Daun: Pro und contra

Liebenswertem Irrationalismus begegnet. . . .

Lotte Schabacker, Daun

 

Meine Wohnung liegt an keiner breiten Allee. Das Bauwerk vis-ä-vis steht einem genau vor der Nase. Es ist das Urbild eines Hauses: vier Wände und ein Dach drauf. Mit Schornstein. Ohne alle Kinkerlitzchen. Angestrichen in einem freundlichen hellen Gelb.

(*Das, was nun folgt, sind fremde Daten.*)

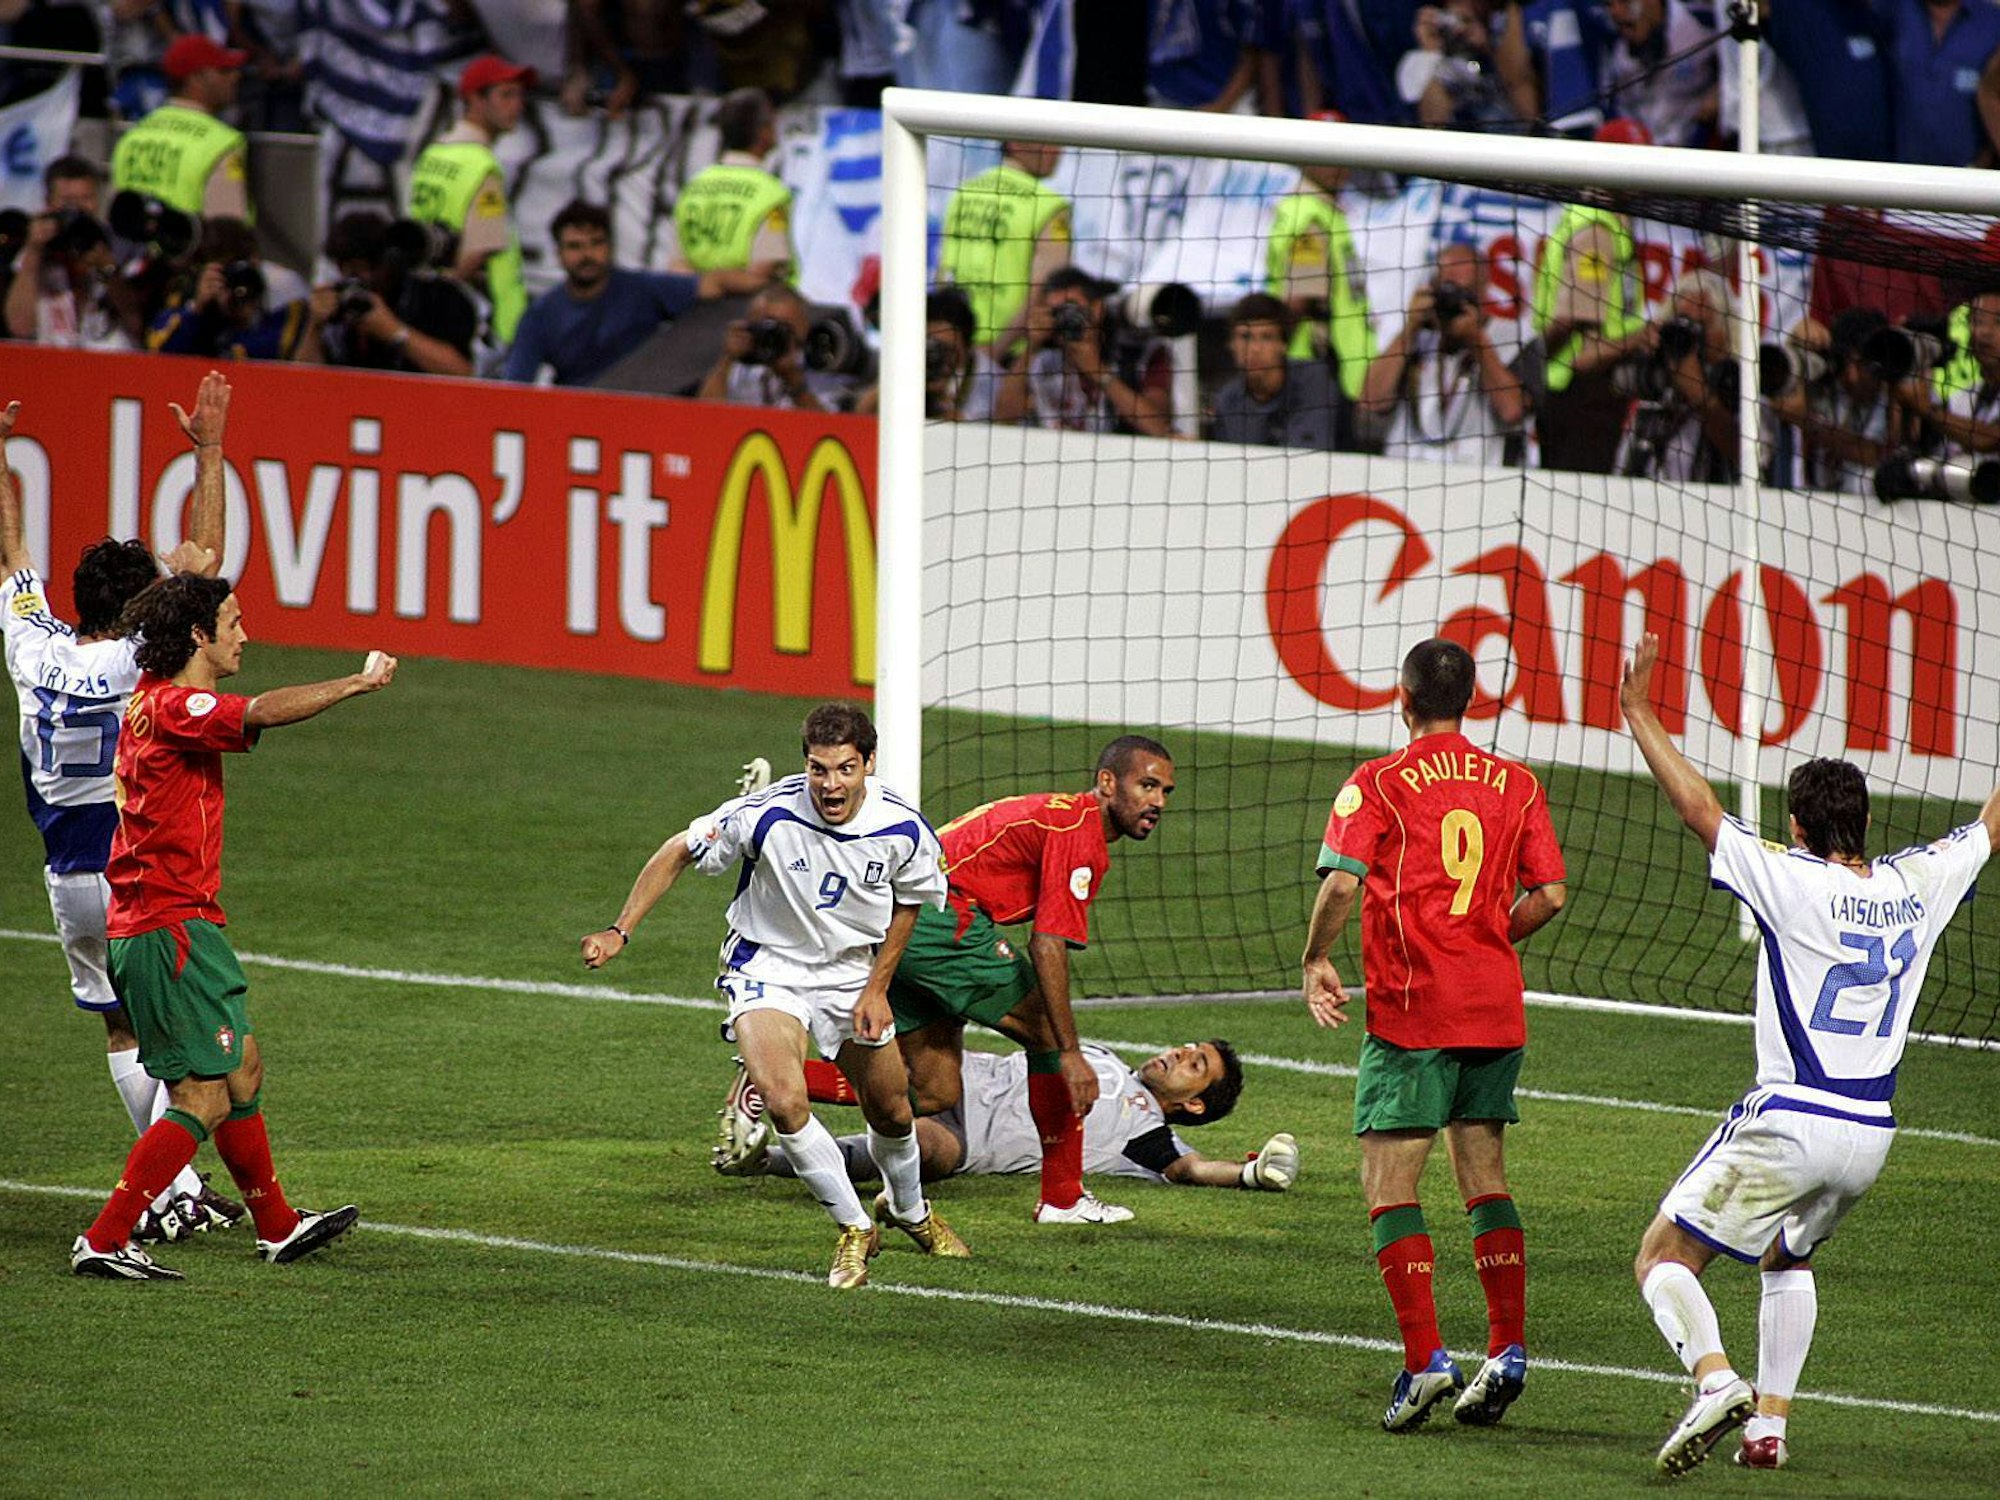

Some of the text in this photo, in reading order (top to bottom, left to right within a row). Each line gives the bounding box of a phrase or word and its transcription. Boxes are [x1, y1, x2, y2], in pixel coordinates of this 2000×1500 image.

[110, 399, 525, 624] lovin'
[566, 437, 669, 641] it
[1265, 492, 1959, 758] Canon
[32, 686, 121, 778] 15
[1399, 751, 1509, 795] PAULETA
[815, 871, 849, 911] 9
[1441, 808, 1484, 915] 9
[1809, 929, 1918, 1037] 21
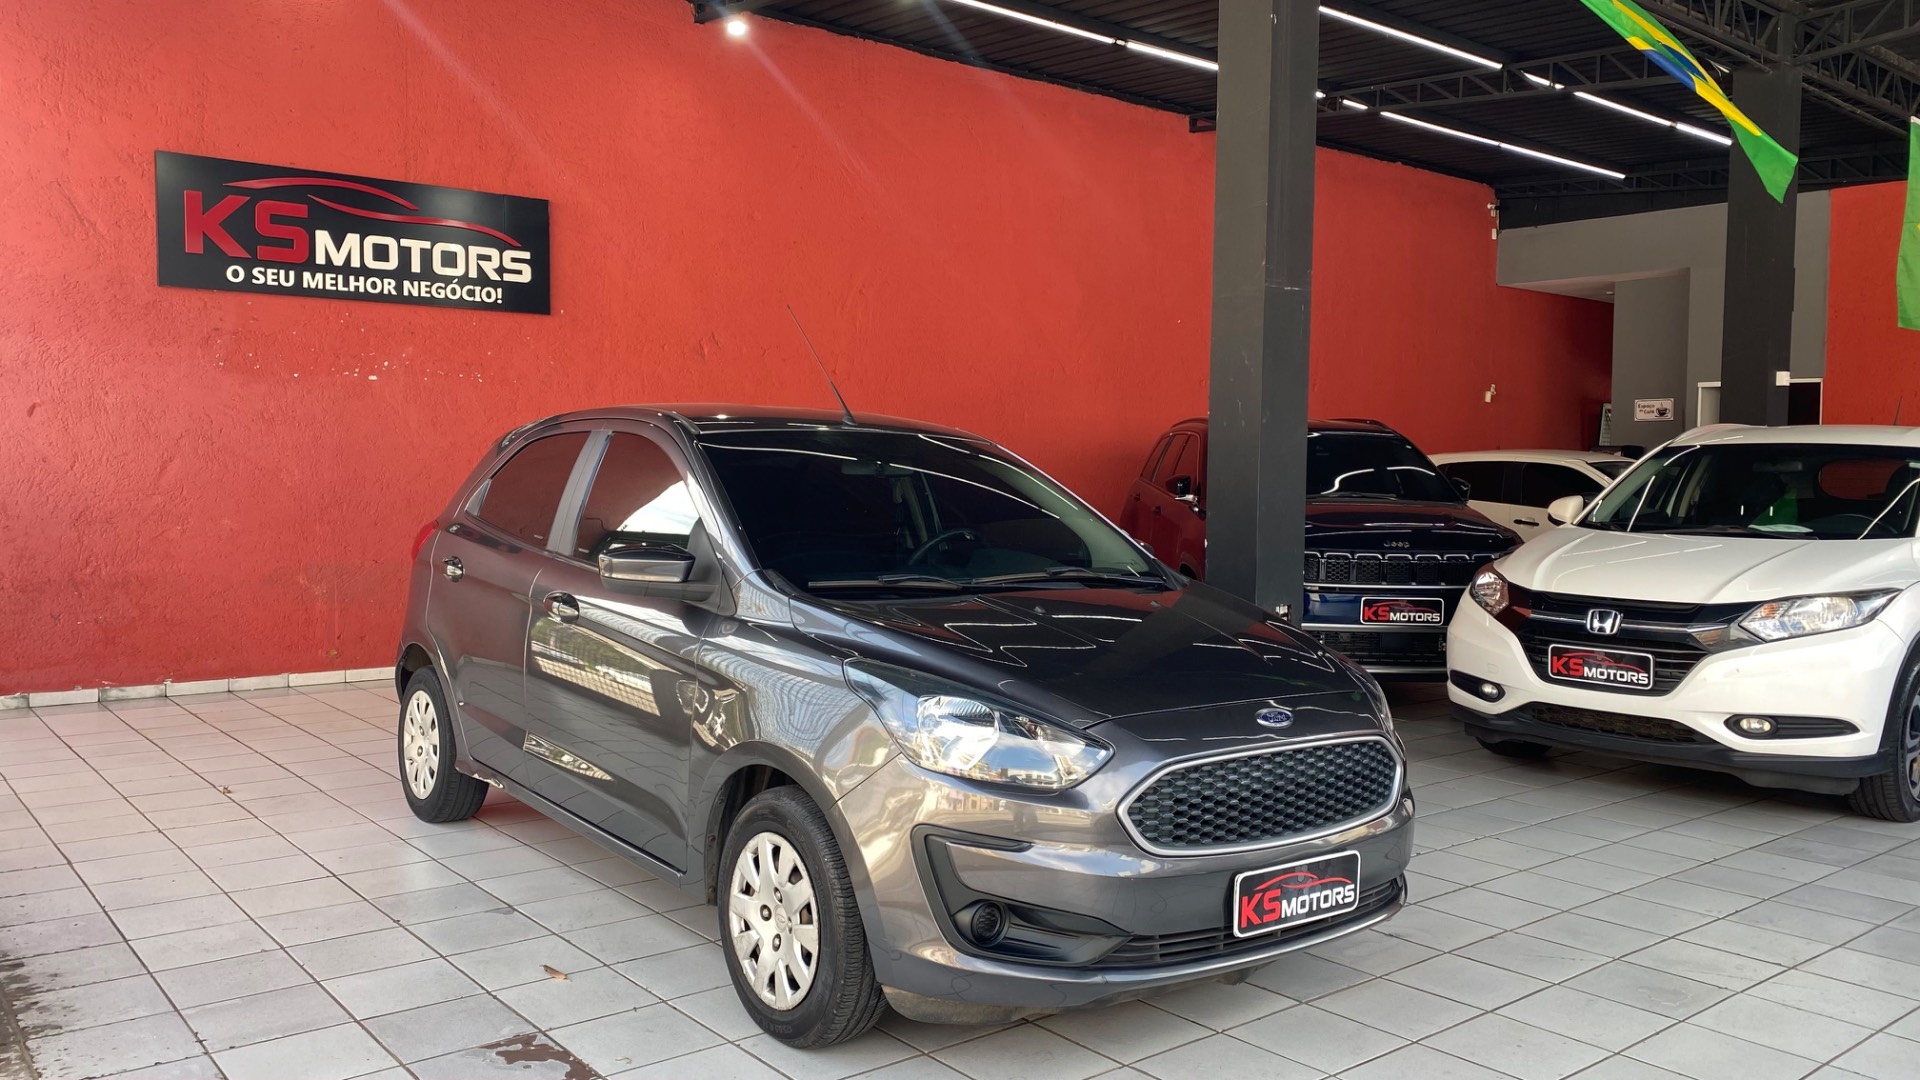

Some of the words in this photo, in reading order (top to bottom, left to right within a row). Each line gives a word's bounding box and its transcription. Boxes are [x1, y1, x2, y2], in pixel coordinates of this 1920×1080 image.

[314, 229, 533, 284] MOTORS
[226, 265, 245, 283] O
[251, 266, 296, 288] SEU
[302, 271, 398, 296] MELHOR
[402, 278, 503, 304] NEGÓCIO!
[1364, 606, 1391, 622] KS
[1389, 611, 1441, 623] MOTORS
[1552, 655, 1584, 676] KS
[1583, 666, 1649, 685] MOTORS
[1241, 889, 1282, 929] KS
[1280, 884, 1356, 919] MOTORS

Ein Haus, wie es immer wieder auf den Bildchen vorkommt, die kleine Kinder ganz am Anfang ihrer Künstlerkarriere malen, neuerdings mit Fernsehantenne, die natürlich auch meinen gegenüber -Haus nicht fehlt. Ich fand an diesem Haus noch nie etwas auszusetzen !

Freundin Anne, für einige Wochen bei mir zu Gast, stand am ersten Tag ihres Besuches vorm Fenster und betrachtete nachdenklich und ein wenig bekümmert die schlichte Fassade. Fünf Fenster und eine Haustür, murmelte sie vor sich hin. Und nach einer kleinen Weile: »Also, du willst hier wirklich wohnen bleiben für den Rest deines Lebens?« Ja, das hätte ich vor. »Na ja!« sagt sie nur und sah nun mich an, gleichfalls ein bißchen bekümmert.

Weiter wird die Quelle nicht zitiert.